Benji Floros

Personal information
- Full name: Benji Con Floros
- Born: 1 March 1998 (age 28) Canberra, Australia
- Height: 195 cm (6 ft 5 in)
- Batting: Right-handed
- Bowling: Right-arm fast
- Relations: Jason Floros (brother)

Domestic team information
- 2024/25–present: Queensland (squad no. 25)
- 2026: Surrey

Career statistics
| Competition | FC | LA |
| Matches | 3 | 8 |
| Runs scored | 47 | 48 |
| Batting average | – | 9.60 |
| 100s/50s | 0/0 | 0/0 |
| Top score | 26* | 22 |
| Balls bowled | 312 | 396 |
| Wickets | 5 | 14 |
| Bowling average | 38.40 | 30.14 |
| 5 wickets in innings | 0 | 0 |
| 10 wickets in match | 0 | 0 |
| Best bowling | 2/52 | 4/22 |
| Catches/stumpings | 1/– | 3/– |
- Source: ESPNcricinfo, 11 August 2026

= Benji Floros =

Australian cricketer

Benji Con Floros (born 1 March 1998) is an Australian cricketer who plays for Queensland, and also plays for Surrey, playing in the One Day Cup. He plays as a right-arm fast-medium bowler and right-handed batter.

==Career==
Floros firstly contracted for Queensland for the 2020–21 season. He also played 2nd XI cricket for Australian Capital Territory (ACT) and New South Wales (NSW). His older brother Jason played Sheffield Shield and One-Day cricket for Queensland between 2010 and 2017 and in the BBL for the Sydney Thunder and Brisbane Heat.

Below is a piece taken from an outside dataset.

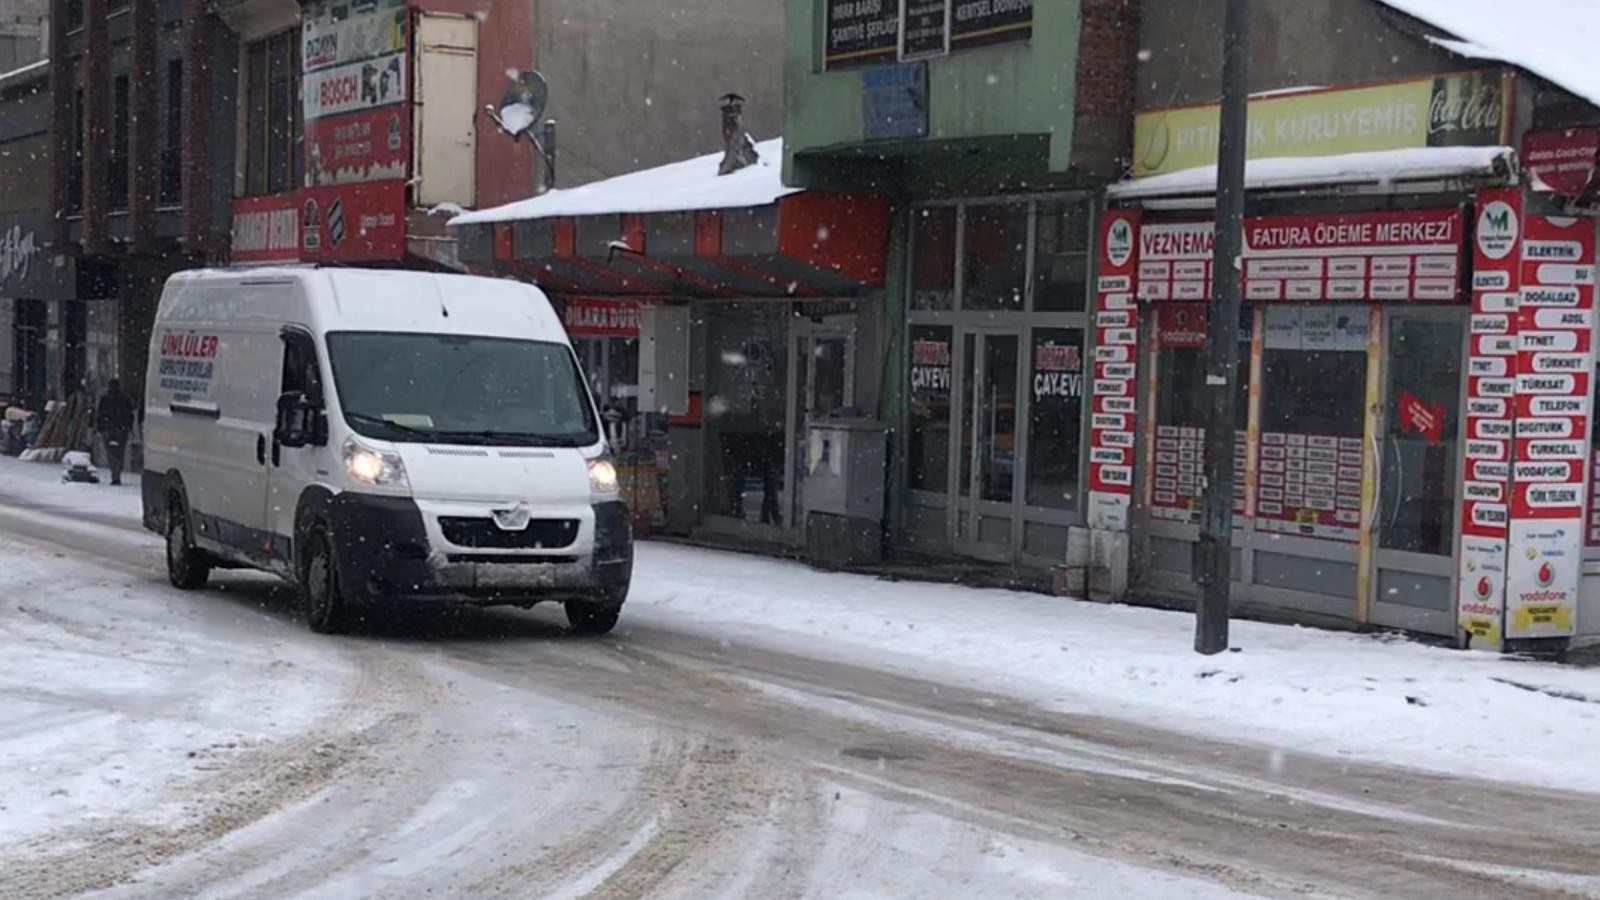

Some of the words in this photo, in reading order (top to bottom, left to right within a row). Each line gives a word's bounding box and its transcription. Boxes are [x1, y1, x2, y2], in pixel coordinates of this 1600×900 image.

His another brother Tim played some local tournament along with him and their cousins Alexander and Jake and uncle Billy.

On 1 November 2024, Floros made his first-class debut against New South Wales during the 2024–25 Sheffield Shield season. On 21 July 2026, he made his debut for Surrey in the One Day Cup, against Lancashire.